◆ **PROBLEM TO SOLVE**: What the task requires is an exact printout of the listing below, pictures excluded.

--- LISTED ENTRIES ---

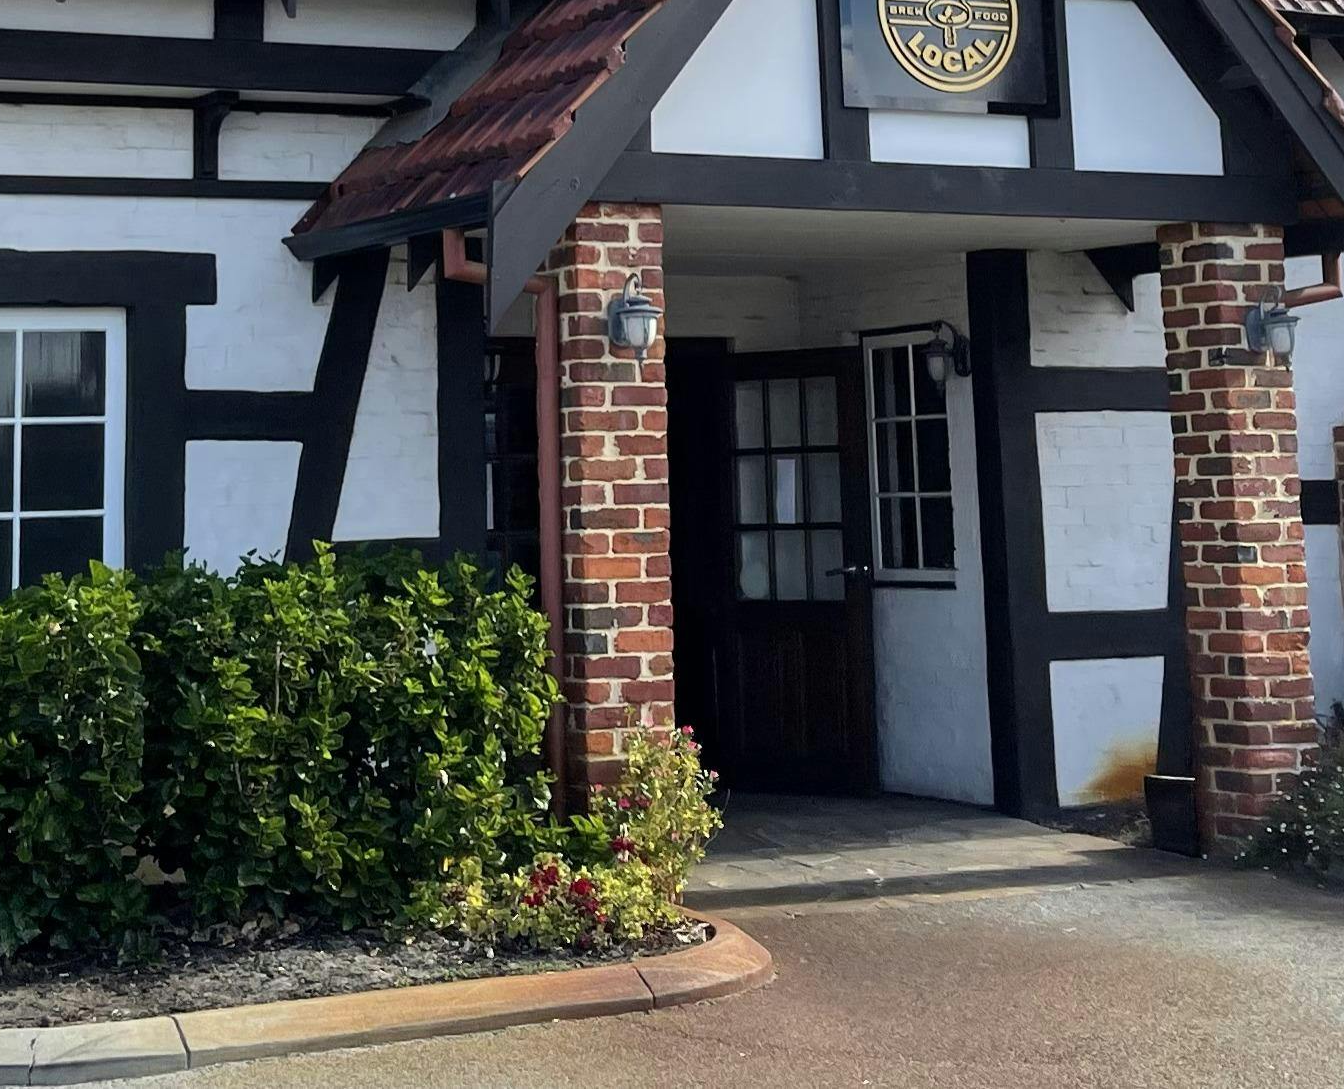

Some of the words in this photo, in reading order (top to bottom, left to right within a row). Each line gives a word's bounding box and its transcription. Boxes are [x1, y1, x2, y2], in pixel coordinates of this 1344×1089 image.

[889, 5, 923, 16] BREW
[974, 11, 1008, 22] FOOD
[907, 31, 996, 72] LOCAL
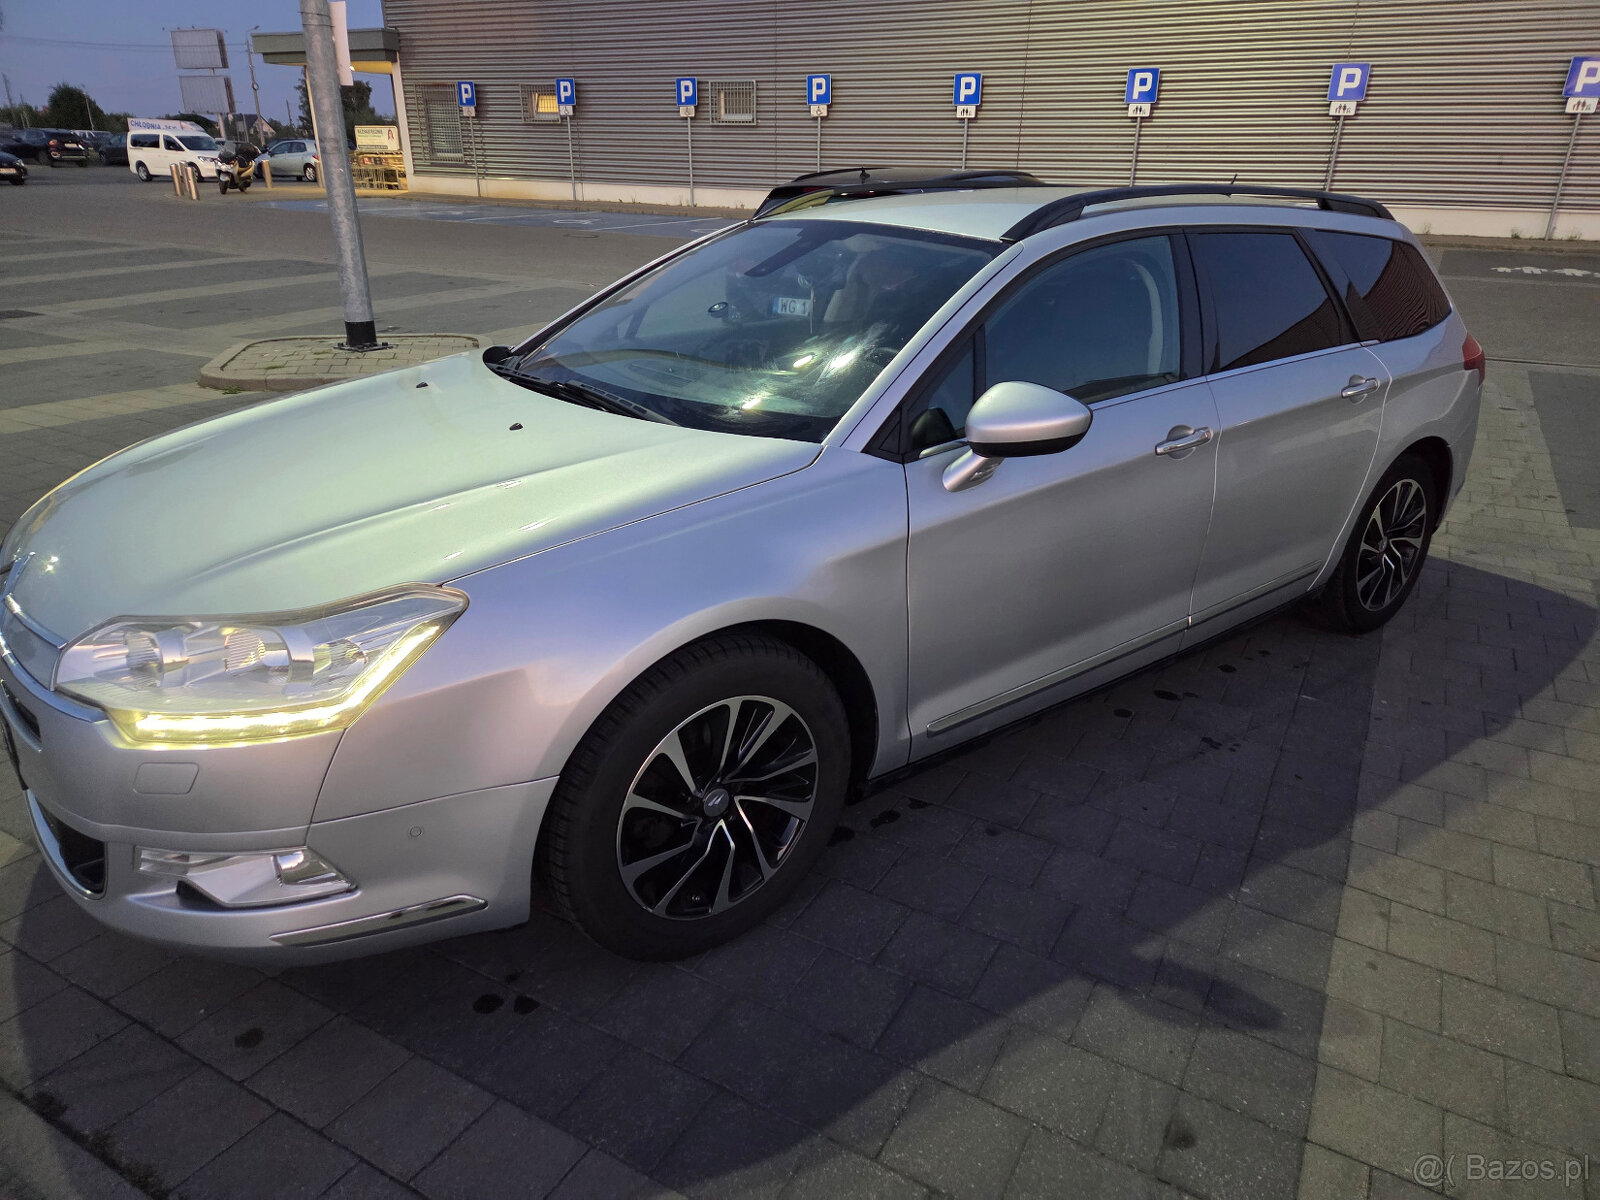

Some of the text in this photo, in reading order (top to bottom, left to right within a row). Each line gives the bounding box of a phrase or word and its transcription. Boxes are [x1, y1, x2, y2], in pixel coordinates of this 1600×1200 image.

---

◆ **OUTPUT FOR THIS EXERCISE**:
Some of the words in this photo, in reading order (top to bottom, left to right within a row). Each line gives a word's bounding box and its transcription. Boxes are [x1, y1, x2, y2], in pixel coordinates of this 1344×1089 image.

[889, 5, 923, 16] BREW
[974, 11, 1008, 22] FOOD
[907, 31, 996, 72] LOCAL

Some of the text in this photo, in reading order (top to bottom, left to right within a row). Each line gives the bounding box of a phrase or word and its transcription. Boxes are [x1, y1, x2, y2], in pixel coordinates of this 1600×1200 image.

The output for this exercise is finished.